→ Exercise instructions:
Write out all records as given; omit images.

→ Records provided:
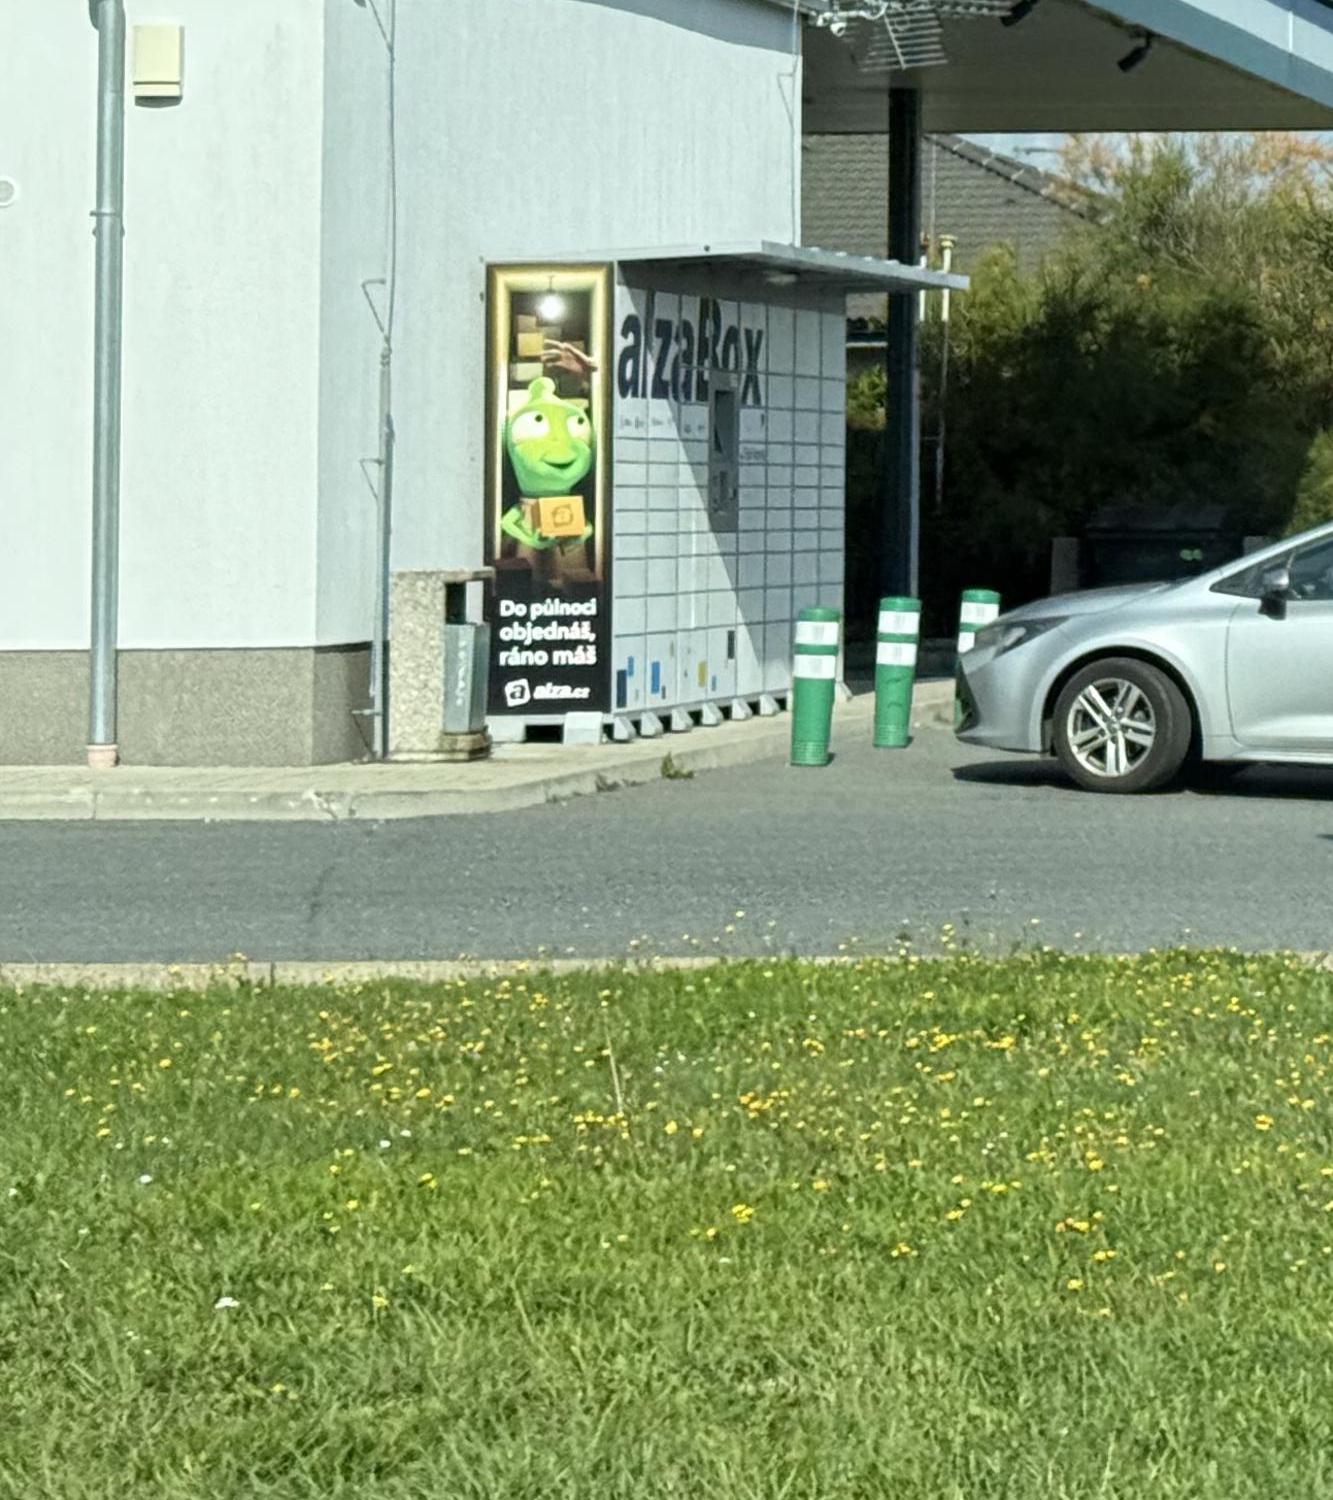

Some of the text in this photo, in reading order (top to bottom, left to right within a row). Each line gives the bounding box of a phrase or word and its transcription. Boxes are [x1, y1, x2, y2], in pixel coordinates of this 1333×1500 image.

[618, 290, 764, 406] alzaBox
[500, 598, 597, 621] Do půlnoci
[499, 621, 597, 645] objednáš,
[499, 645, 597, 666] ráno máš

→ Completed exercise:
Some of the text in this photo, in reading order (top to bottom, left to right within a row). Each line gives the bounding box of a phrase or word and its transcription. Boxes are [x1, y1, x2, y2], in pixel coordinates of this 1333×1500 image.

[618, 290, 764, 406] alzaBox
[500, 598, 597, 621] Do půlnoci
[499, 621, 597, 645] objednáš,
[499, 645, 597, 666] ráno máš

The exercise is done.